The new Fusion Center, which might be virtual rather than “bricks and mortar” Kramer told me, would have to power to mandate that certain critical infrastructure sectors use specific “highly effective cyber technologies and techniques.”

It would also be the body licensing “certified active defenders,” i.e. private-sector entities with high cyber capabilities who will work under government direction and control.”

Needless to say, the study has raised eyebrows among experts with experience in cyber defense at US agencies and in academe.

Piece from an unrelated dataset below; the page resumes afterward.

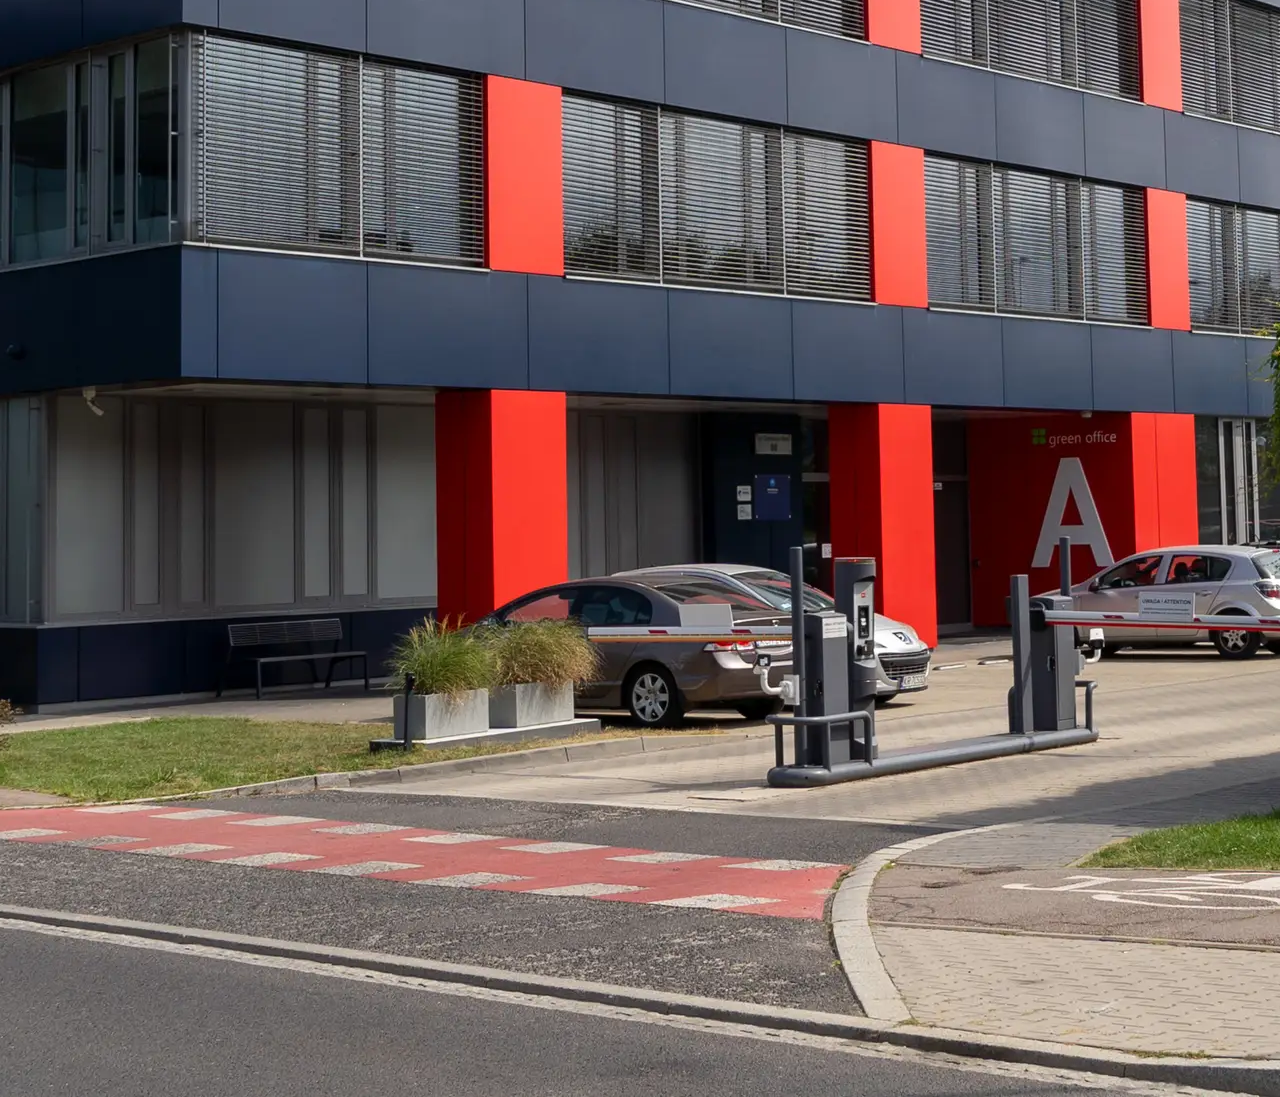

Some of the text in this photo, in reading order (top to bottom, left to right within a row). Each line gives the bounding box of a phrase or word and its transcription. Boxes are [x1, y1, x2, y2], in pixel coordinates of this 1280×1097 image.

One former DoD cyber official exclaimed: “Bounty hunters to bring back proof and get a prize!? This is like extending the Second Amendment for ‘certified acting defenders’ to act on private networks. Where is the legal authority?”
Critical infrastructure sectors

Another former US government cybersecurity expert said that approving intrusions on foreign networks by private actors was dangerous, even if they didn’t actually “break anything” while they were there. “With the ‘defending forward’ strategy, DoD means you hack your way into (adversary) networks and simply investigate, but you are physically there so you can do something when there is a trigger. This is still intruding in their network.” Allowing private actors to do this could create serious instability between countries,” this expert said, especially if the network being penetrated was actually one owned by a US ally that had unfortunately been compromised by a potential adversary like Russia or China.

For their part, Kramer and Butler stress that they are not talking about giving these deputized “defenders” offensive powers — “we are not advocating the right to hack back,” Kramer explained — but rather to take on “active defense.” They also acknowledge that there is a fine line between active defense and offense, and noted that the key would be government control via authorities that would have to be provided by Congress.

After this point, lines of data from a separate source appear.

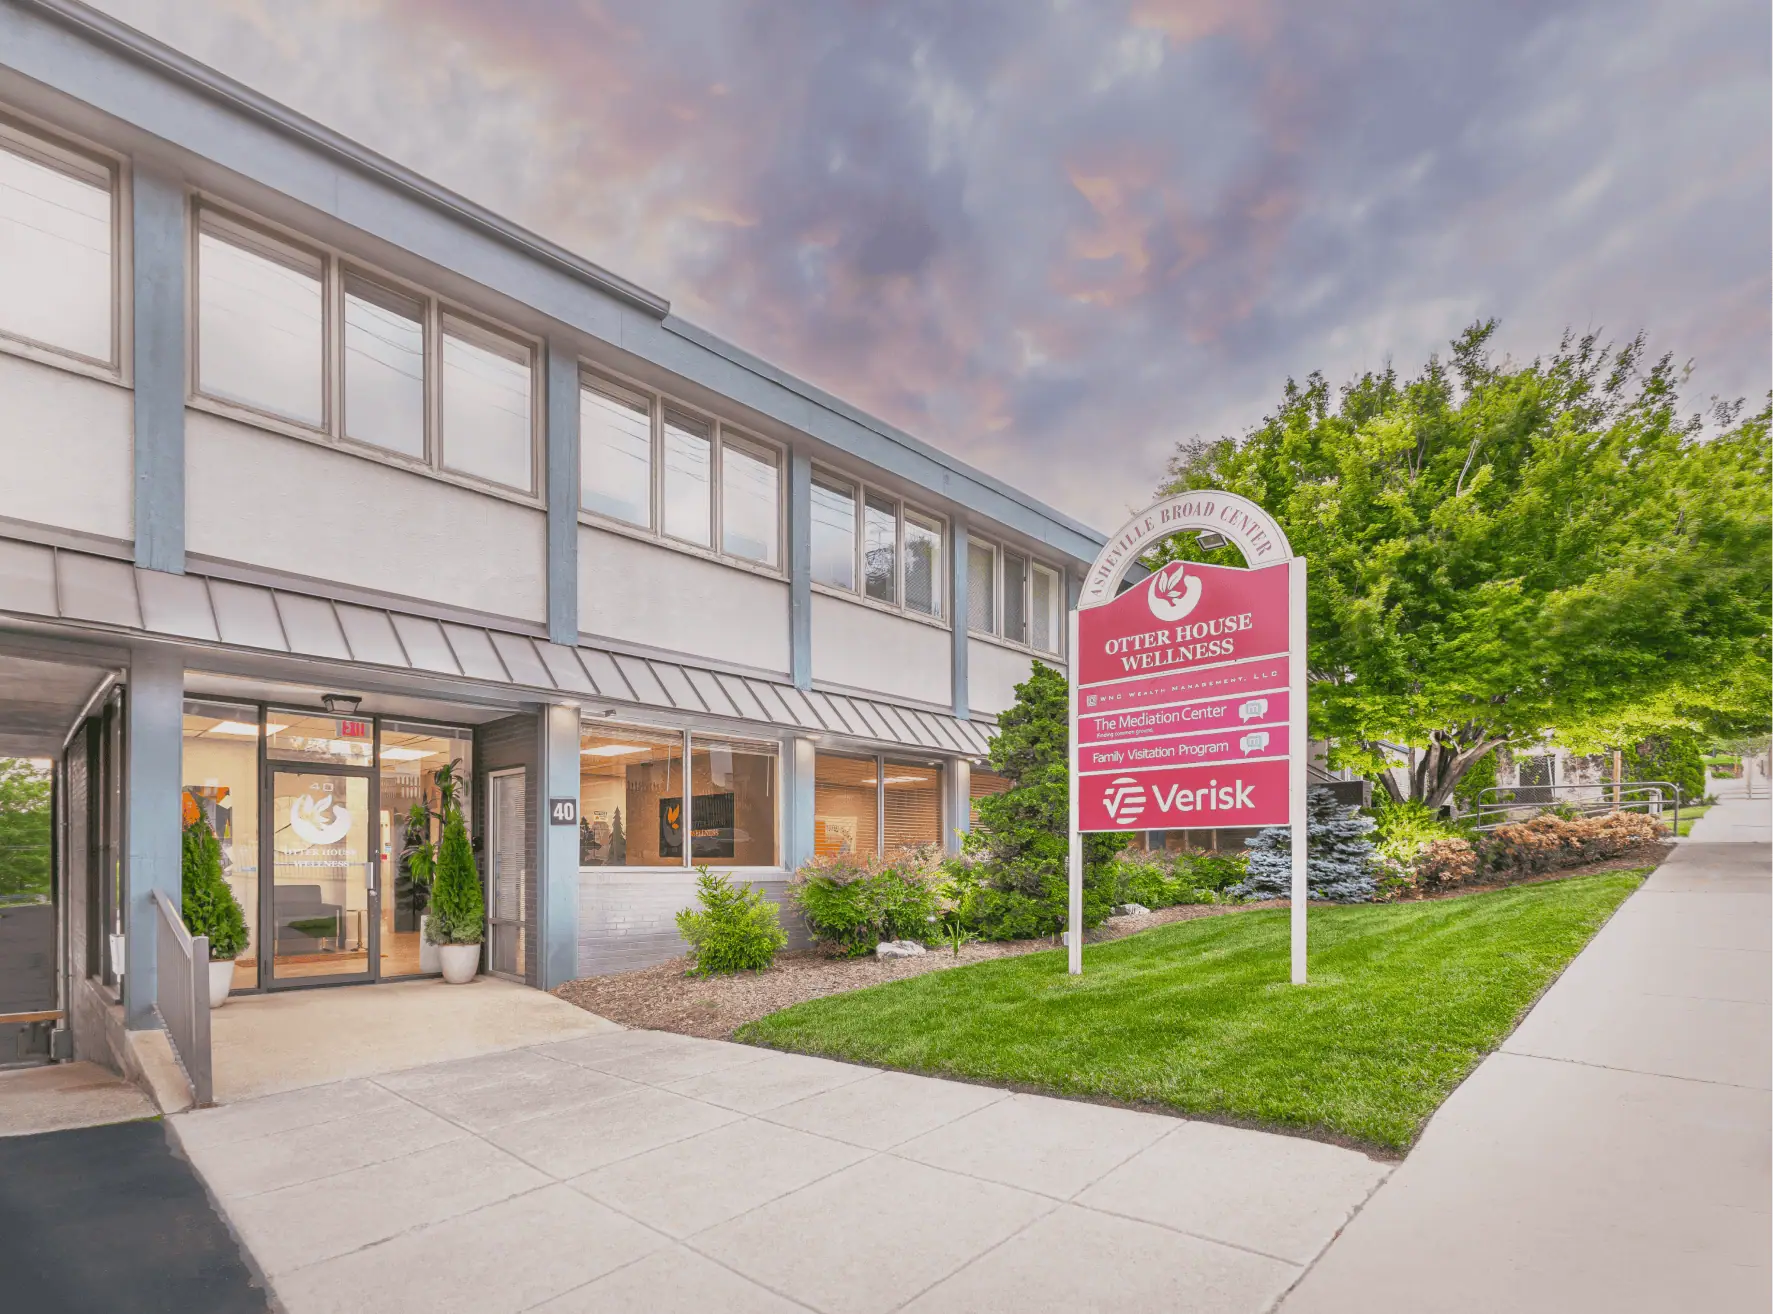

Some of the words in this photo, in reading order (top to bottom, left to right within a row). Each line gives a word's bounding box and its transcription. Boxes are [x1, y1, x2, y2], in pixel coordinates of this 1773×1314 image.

[1091, 516, 1155, 597] ASHEVILLE
[1160, 501, 1215, 524] BROAD
[1220, 505, 1272, 556] CENTER
[1105, 629, 1171, 655] OTTER
[1175, 612, 1253, 643] HOUSE
[1121, 638, 1235, 672] WELLNESS
[1100, 694, 1122, 702] WNC
[1129, 688, 1165, 697] WEALTH
[1253, 670, 1278, 679] LLC
[1094, 718, 1116, 730] The
[1119, 711, 1180, 729] Mediation
[1181, 705, 1227, 720] Center
[1093, 751, 1124, 763] Family
[1128, 747, 1175, 760] Visitation
[1179, 742, 1229, 756] Program
[310, 783, 334, 792] 40
[1151, 779, 1256, 812] Verisk
[553, 802, 575, 820] 40

Indeed, Kramer and Butler acknowledge that many pieces of their proposal, which they explain uses a “nested approach” to challenges at the private sector, state and local, national and international levels, will require changes to a number of legal authorities and direct action by Congress. In fact, the report, has an entire section outlining what Congress should do. “This is a framework document, not an operational one,” said Kramer. “We want to open a dialogue.”

Charles Harry, Director of Operations at the University of Maryland’s Maryland Global Initiative in Cybersecurity (MaGIC), who spent 14 years at the National Security Agency, said that while “what they’re proposing is one option, my personal feeling is that we are not going to be safer by going more on the offense. Instead, the real issue is resiliency. The key is figuring out how we can better understand systemic and organizational risk in order to better devote resources to CI, and minimize impacts so that any system is back up in a half hour or 45 minutes.”

Finally, one has to wonder how such an aggressive approach would fit with current US cyber policy and strategy writ large — given that the Trump administration has put a strong emphasis on working with allies to establish cyber norms of behavior. Indeed, even if only confined to DoD actions, the “defend forward” strategy conflicts with a cooperative normative approach, as it would see DoD undertaking exactly the kind of cyber probing that the US has chided Russia and China for. That inherent conflict, one expert said, is something the Trump administration doesn’t seem to have yet internalized.